▸ **WHAT YOU WILL DO**
The full set of entries is to be printed exactly, with pictures excluded.
EXERCISE MATERIALS below:
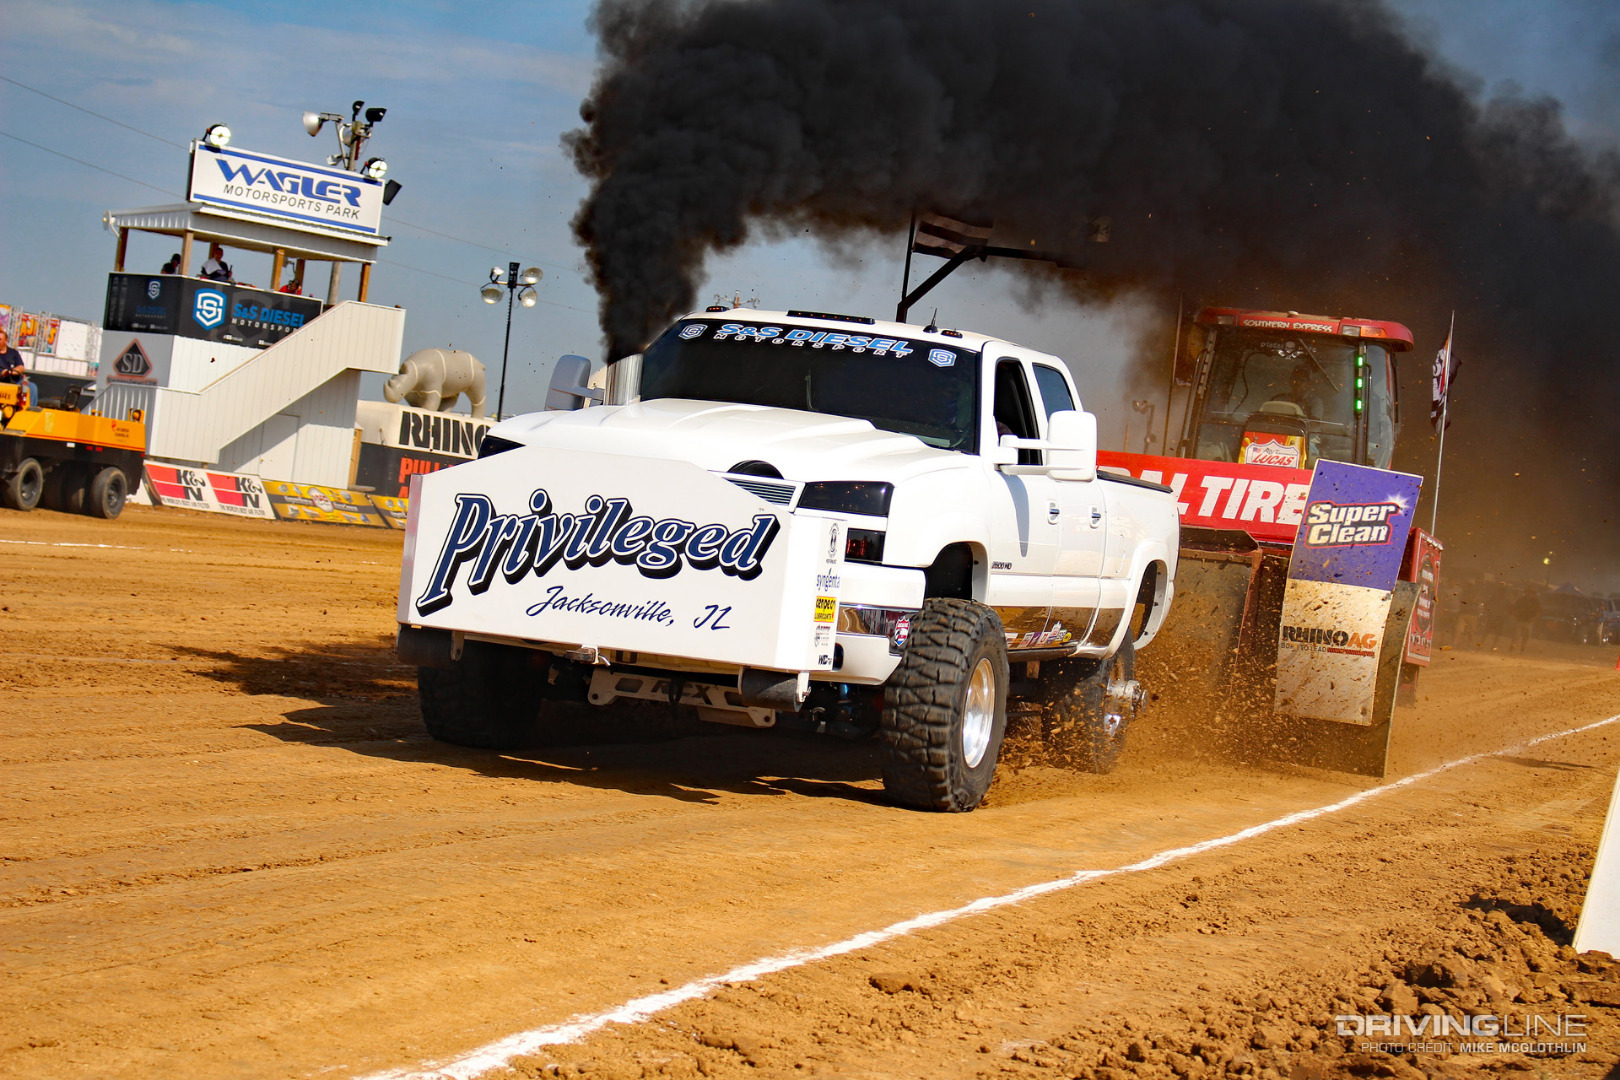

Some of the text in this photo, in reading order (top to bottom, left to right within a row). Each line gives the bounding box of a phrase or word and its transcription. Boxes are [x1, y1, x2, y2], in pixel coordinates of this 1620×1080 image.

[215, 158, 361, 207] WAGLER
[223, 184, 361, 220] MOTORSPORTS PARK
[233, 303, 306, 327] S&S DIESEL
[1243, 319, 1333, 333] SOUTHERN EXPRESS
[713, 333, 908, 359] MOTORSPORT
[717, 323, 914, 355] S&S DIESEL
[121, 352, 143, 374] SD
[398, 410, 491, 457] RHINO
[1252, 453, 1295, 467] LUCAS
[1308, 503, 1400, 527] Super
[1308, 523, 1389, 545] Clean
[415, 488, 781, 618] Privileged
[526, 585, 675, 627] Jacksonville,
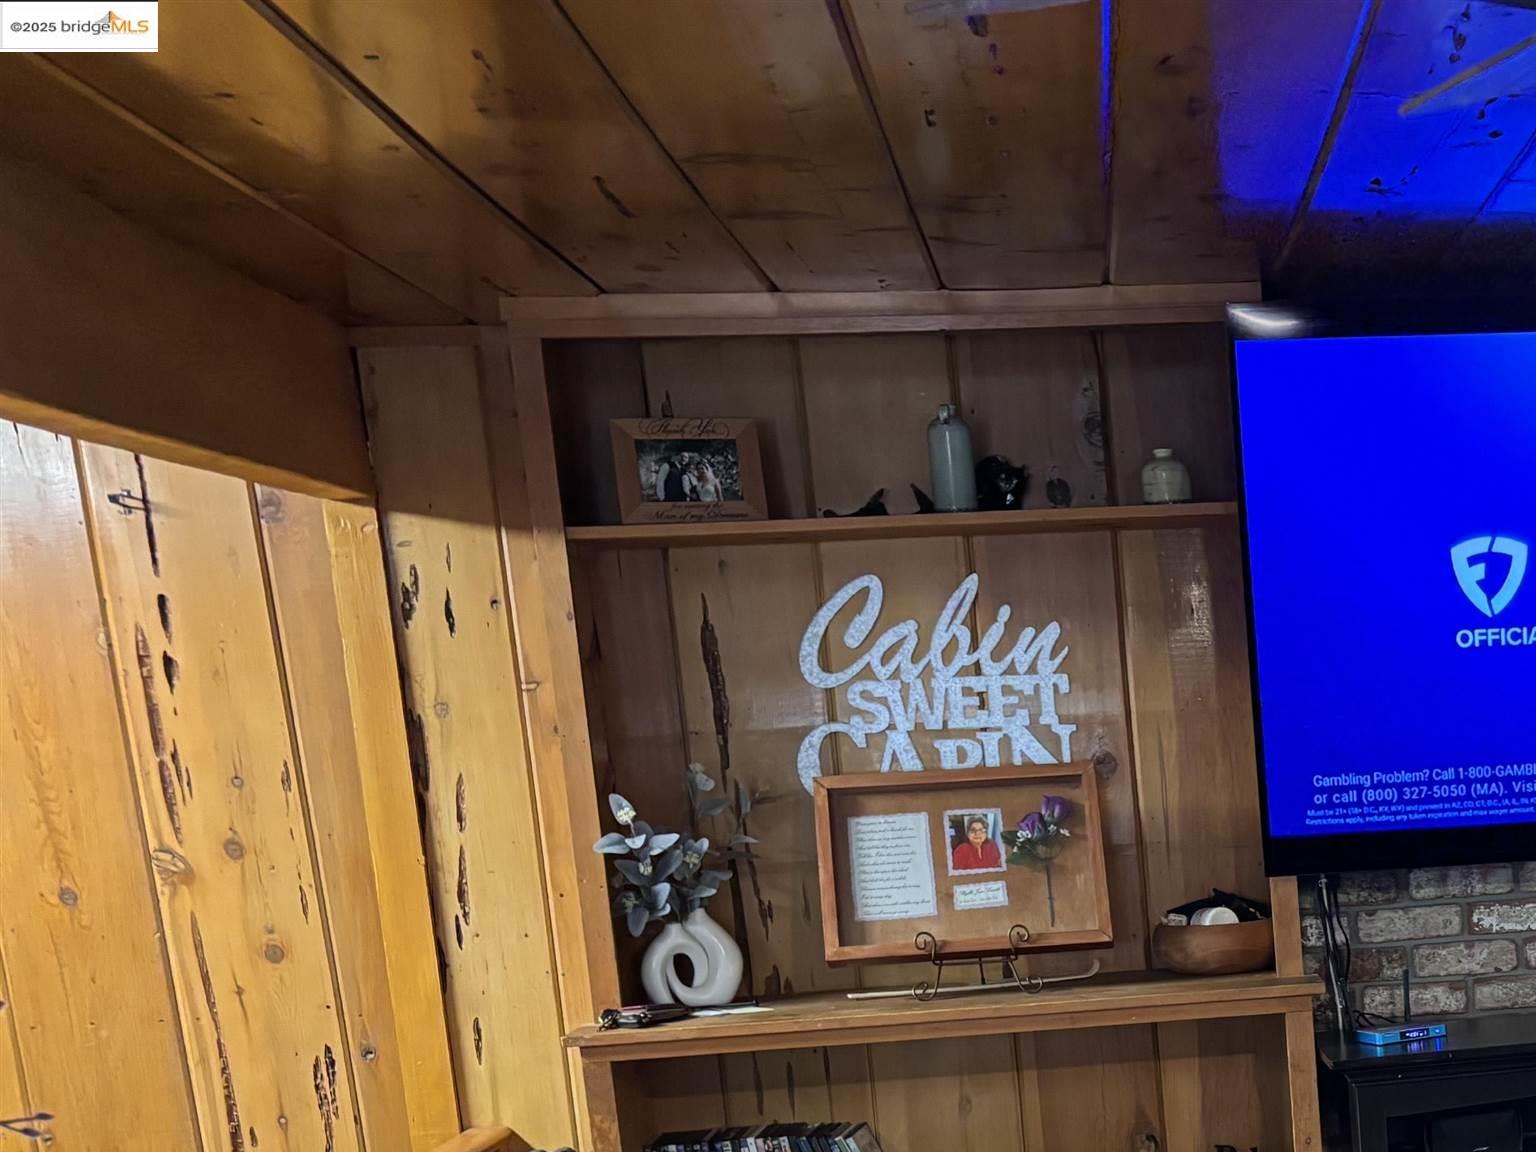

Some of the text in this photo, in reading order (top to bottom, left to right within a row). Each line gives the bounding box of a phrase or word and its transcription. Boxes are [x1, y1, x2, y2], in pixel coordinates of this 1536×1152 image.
End of EXERCISE MATERIALS.
▸ **OUTPUT**
Some of the text in this photo, in reading order (top to bottom, left to right within a row). Each line gives the bounding box of a phrase or word and its transcription. Boxes are [x1, y1, x2, y2], in pixel coordinates of this 1620×1080 image.

[215, 158, 361, 207] WAGLER
[223, 184, 361, 220] MOTORSPORTS PARK
[233, 303, 306, 327] S&S DIESEL
[1243, 319, 1333, 333] SOUTHERN EXPRESS
[713, 333, 908, 359] MOTORSPORT
[717, 323, 914, 355] S&S DIESEL
[121, 352, 143, 374] SD
[398, 410, 491, 457] RHINO
[1252, 453, 1295, 467] LUCAS
[1308, 503, 1400, 527] Super
[1308, 523, 1389, 545] Clean
[415, 488, 781, 618] Privileged
[526, 585, 675, 627] Jacksonville,

Some of the text in this photo, in reading order (top to bottom, left to right within a row). Each line gives the bounding box of a phrase or word and its transcription. Boxes are [x1, y1, x2, y2], in pixel coordinates of this 1536×1152 image.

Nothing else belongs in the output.